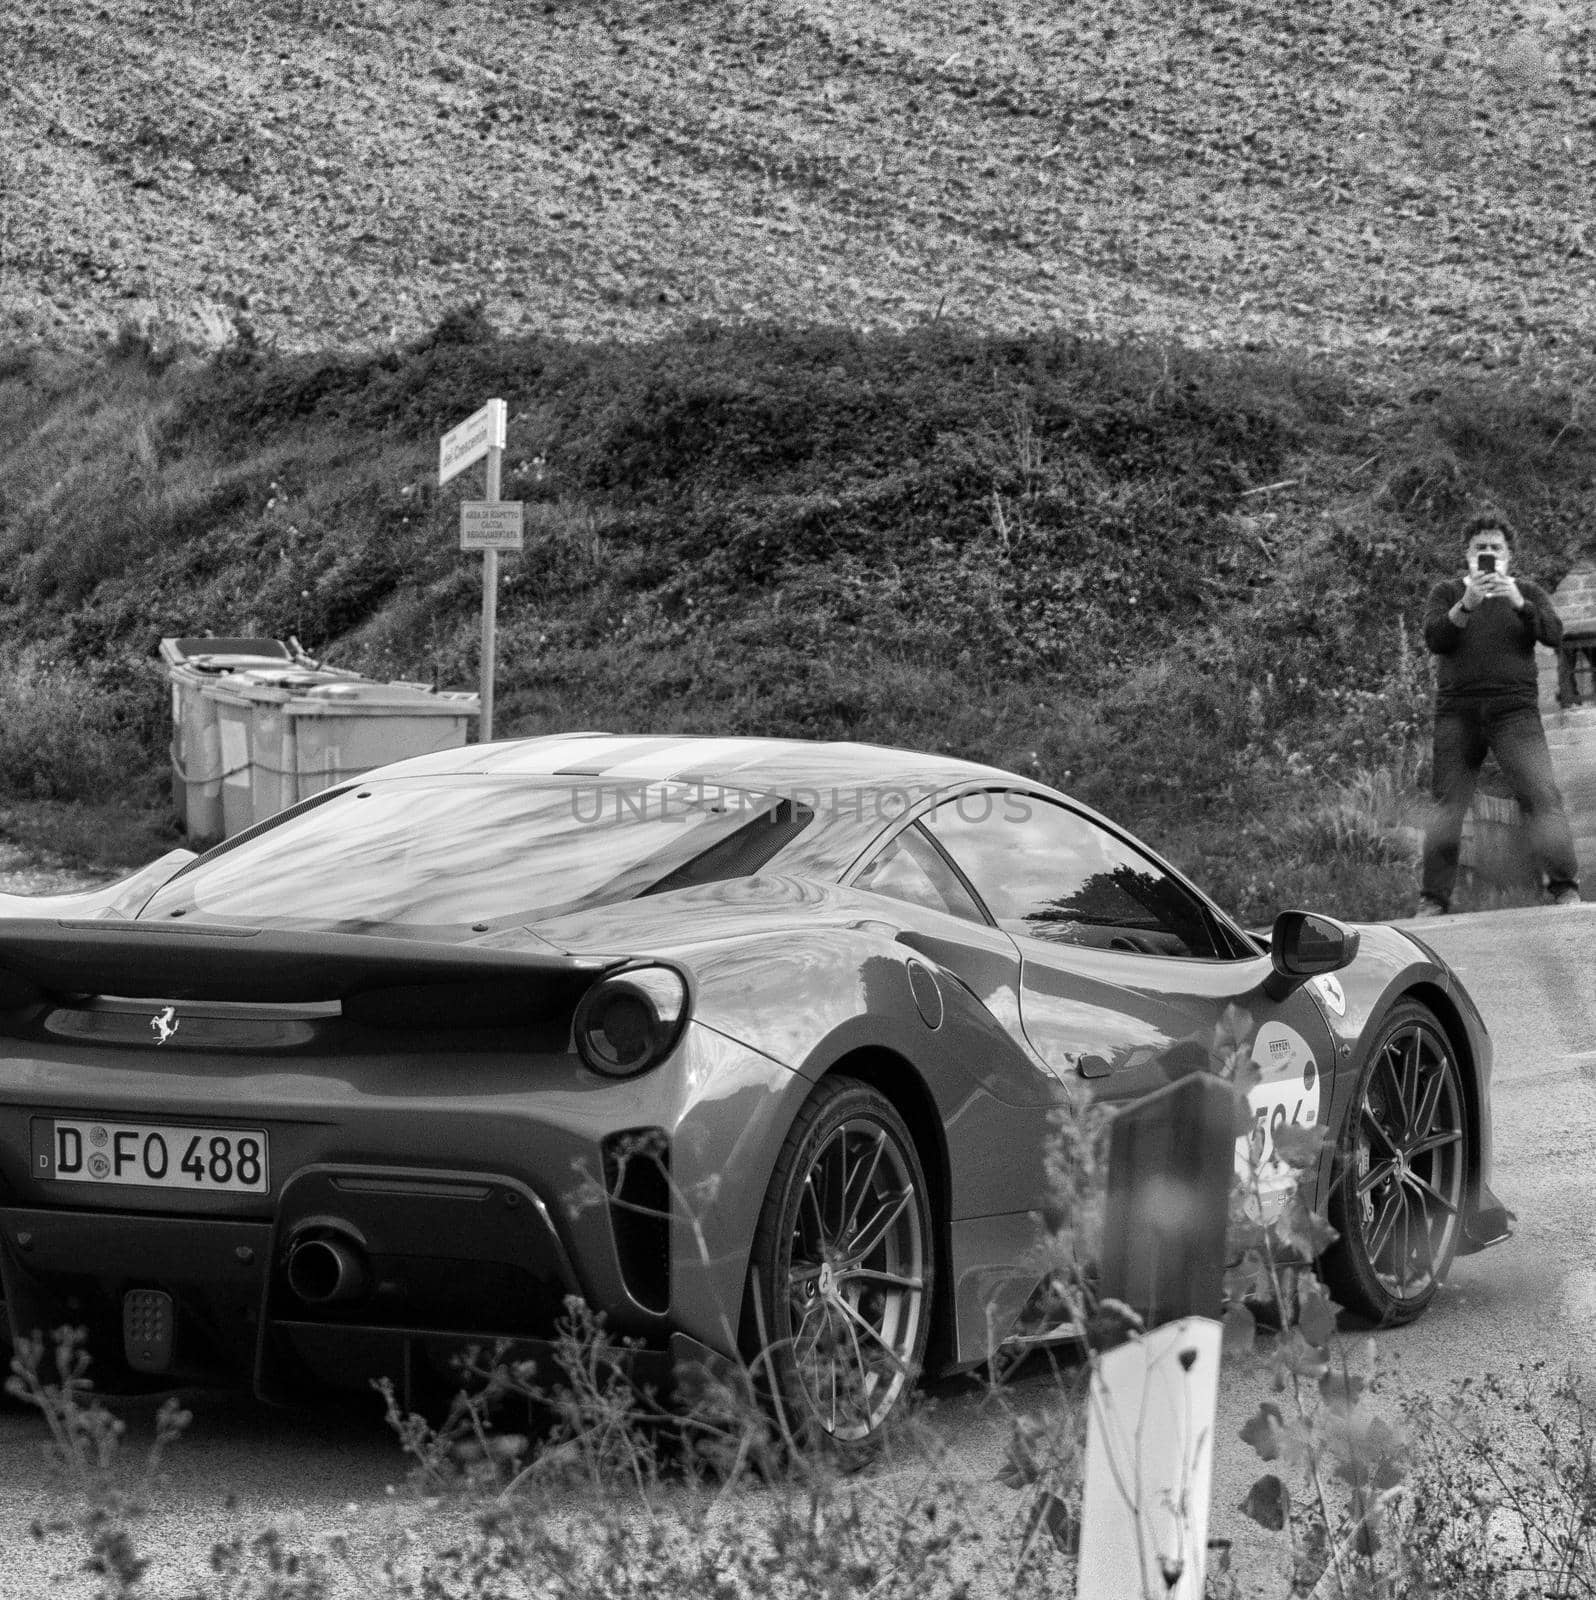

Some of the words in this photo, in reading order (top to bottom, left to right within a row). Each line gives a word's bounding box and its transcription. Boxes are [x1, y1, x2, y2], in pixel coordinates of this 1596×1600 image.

[39, 1154, 49, 1168] D
[56, 1127, 83, 1173] D
[113, 1131, 168, 1179] FO
[180, 1135, 262, 1185] 488

┄┄┄┄┄┄┄┄┄┄┄┄┄┄┄┄┄┄┄┄

Task: Your copy should hold every record word for word and none of the pictures.

Written answer:
Some of the words in this photo, in reading order (top to bottom, left to right within a row). Each line gives a word's bounding box and its transcription. Boxes are [x1, y1, x2, y2], in pixel coordinates of this 1596×1600 image.

[39, 1154, 49, 1168] D
[56, 1127, 83, 1173] D
[113, 1131, 168, 1179] FO
[180, 1135, 262, 1185] 488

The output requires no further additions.